Start with risk, legal obligations, operating model, and identity scope. Annex A is not a universal checklist, so the right controls depend on how your organisation actually uses human access, privileged accounts, service identities, suppliers, and logging. A good Statement of Applicability explains why each control is included, how it is implemented, and what evidence proves it is working.
Why This Matters for Security Teams
iso 27001 Annex A is often treated like a fixed controls checklist, but that approach breaks down quickly in real environments. The applicability of each control depends on risk, legal obligations, business model, supplier exposure, and the identity types in scope, especially service accounts, API keys, privileged access, and logging. For NHI-heavy environments, that distinction matters because compromised machine identities routinely become the shortest path to lateral movement and data access.
Security teams also need to distinguish between “in scope” and “implemented well.” A control can be applicable but weakly evidenced, or excluded with a clear rationale that still aligns to risk treatment. That is why the Statement of Applicability must read like a defensible decision record, not a compliance form. Guidance from the NIST Cybersecurity Framework 2.0 reinforces risk-based control selection, while NHIMG research shows why the identity layer cannot be ignored: the Ultimate Guide to NHIs — Standards notes that 90% of IT leaders say properly managing NHIs is essential for successful zero-trust implementation. In practice, many security teams discover weak control selection only after a service account, token, or third-party integration has already been abused.
How It Works in Practice
The right way to determine Annex A applicability is to start with the organisation’s actual attack surface, then map controls to the way identities, data, and suppliers are used. A useful approach is to group assets and workflows first, then ask what can realistically go wrong, what the legal or contractual obligations are, and which controls reduce the residual risk to an acceptable level.
For example, if the environment uses cloud automation, CI/CD pipelines, or API-driven services, controls around identity lifecycle, secrets handling, logging, segregation of duties, and supplier access become far more relevant than in a low-complexity environment. If there are privileged operators, just-in-time access, or delegated administration, stronger evidence is needed for approval, monitoring, and revocation. Annex A decisions should also reflect how NHIs are issued, rotated, stored, and retired, not just how human users authenticate. NHIMG’s JetBrains GitHub plugin token exposure case illustrates how a seemingly narrow identity weakness can turn into broad compromise when secrets are embedded in developer workflows.
- Identify the identity classes in scope: humans, privileged users, service accounts, workloads, suppliers, and API keys.
- Map each identity class to the processes it can affect: deployment, production support, data access, and logging.
- Decide whether a control is required, partially required, or not relevant, and record the rationale.
- Define evidence up front: configuration, access review records, logs, approval trails, or rotation reports.

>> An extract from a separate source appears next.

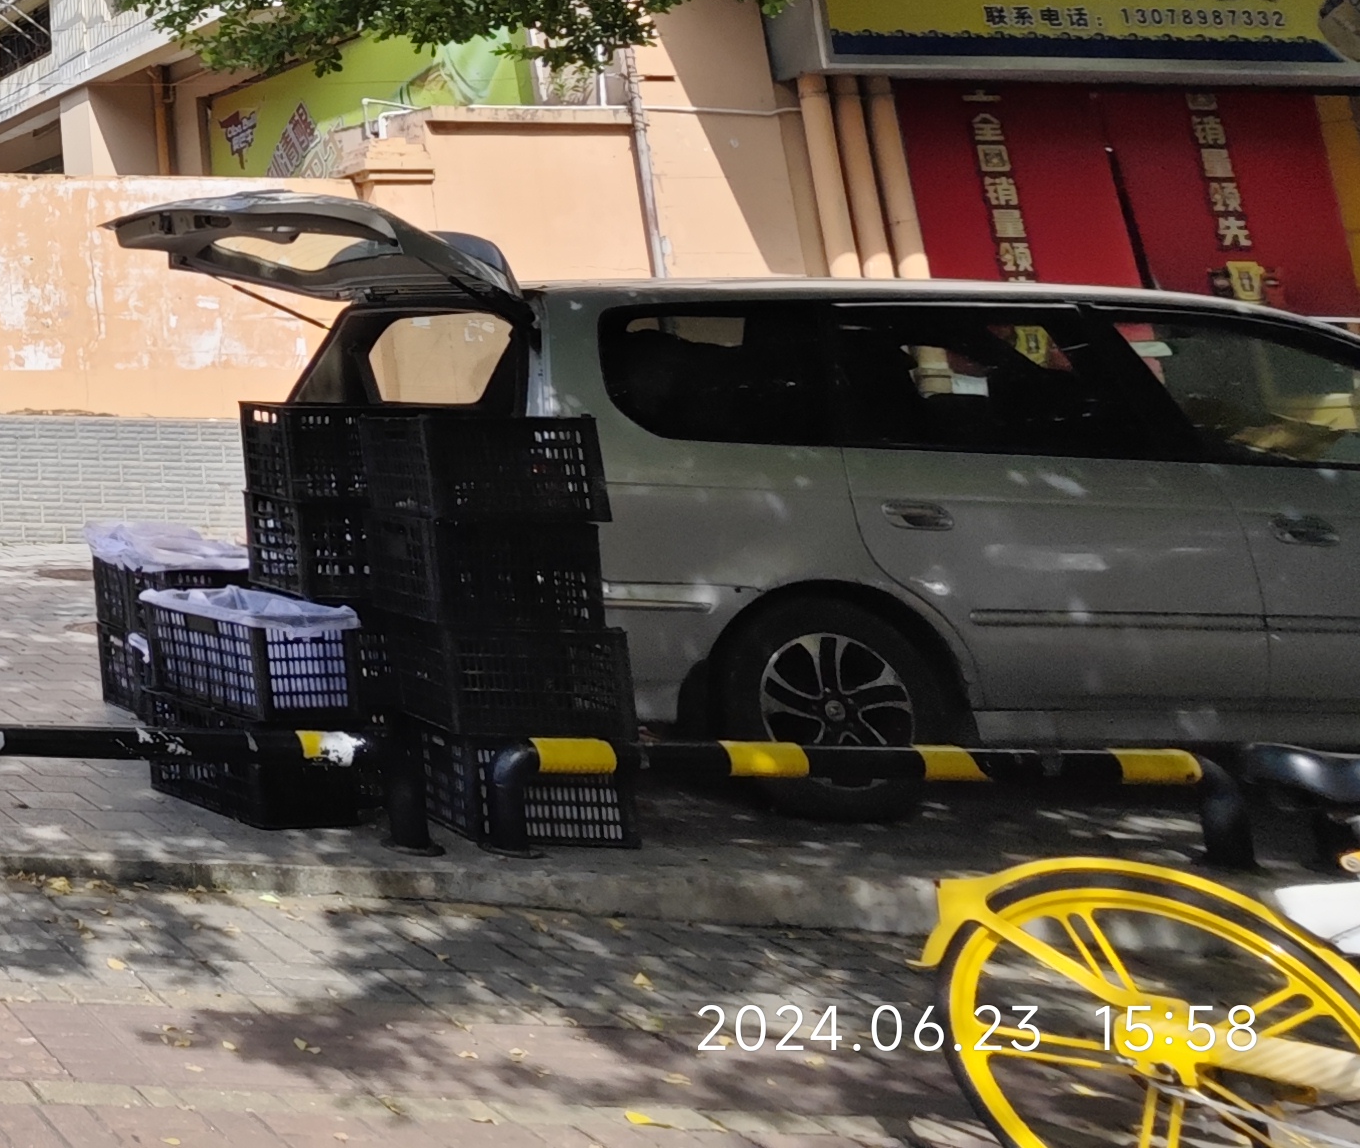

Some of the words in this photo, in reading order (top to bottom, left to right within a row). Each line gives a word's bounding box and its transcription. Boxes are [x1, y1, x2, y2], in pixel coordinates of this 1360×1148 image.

[1120, 8, 1286, 28] 13078987332
[971, 113, 1037, 282] 全国销量领

For machine identities, controls are often most effective when they are tied to lifecycle events such as provisioning, rotation, and offboarding rather than annual review cycles. The Ultimate Guide to NHIs highlights that only 20% of organisations have formal processes for offboarding and revoking API keys, which is a strong signal that Annex A applicability should cover more than traditional user access. These controls tend to break down when identity ownership is unclear across engineering, platform, and security teams because no one can produce timely evidence or enforce revocation.
Common Variations and Edge Cases
Tighter control selection often increases operational overhead, so organisations have to balance auditability against engineering speed and delivery friction. That tradeoff becomes especially visible in hybrid environments, acquisitions, and supplier-heavy operating models, where one control may apply to one business unit but not another.
Current guidance suggests treating exceptions as risk decisions, not convenience decisions. If a control is excluded, the SoA should explain why the risk is already reduced by another mechanism, such as compensating monitoring, platform enforcement, or contractual constraints. This is particularly important for secrets management, third-party integrations, and logging retention, where an “inapplicable” label is often really a sign that ownership is fragmented.
One useful rule is to test edge cases against actual abuse paths: could a supplier token access production, could a dormant service account be reused, could logs reveal credentials, or could a compromised workload move laterally? If the answer is yes, the control is usually applicable even if the workflow is automated. In other words, applicability follows exposure and impact, not whether a person is directly clicking through a system. Organisations that ignore that distinction usually end up with a SoA that passes review on paper but fails when incident responders need evidence most.
Standards & Framework Alignment
This section maps relevant standards and security frameworks to the operational risks and controls described in this guidance.
OWASP Non-Human Identity Top 10 address the attack and risk surface, while NIST CSF 2.0 and NIST AI RMF set the governance and control requirements practitioners need to meet.
| Framework | Control / Reference | Relevance |
|---|---|---|
| NIST CSF 2.0 | GV.RM-01 | Annex A selection should follow risk management and business context. |
| OWASP Non-Human Identity Top 10 | NHI-01 | Identity scope includes service accounts, API keys, and other NHIs. |
| NIST AI RMF | Decision-making should be documented, repeatable, and accountable. |
Map machine identities to applicable controls and require lifecycle evidence for each one.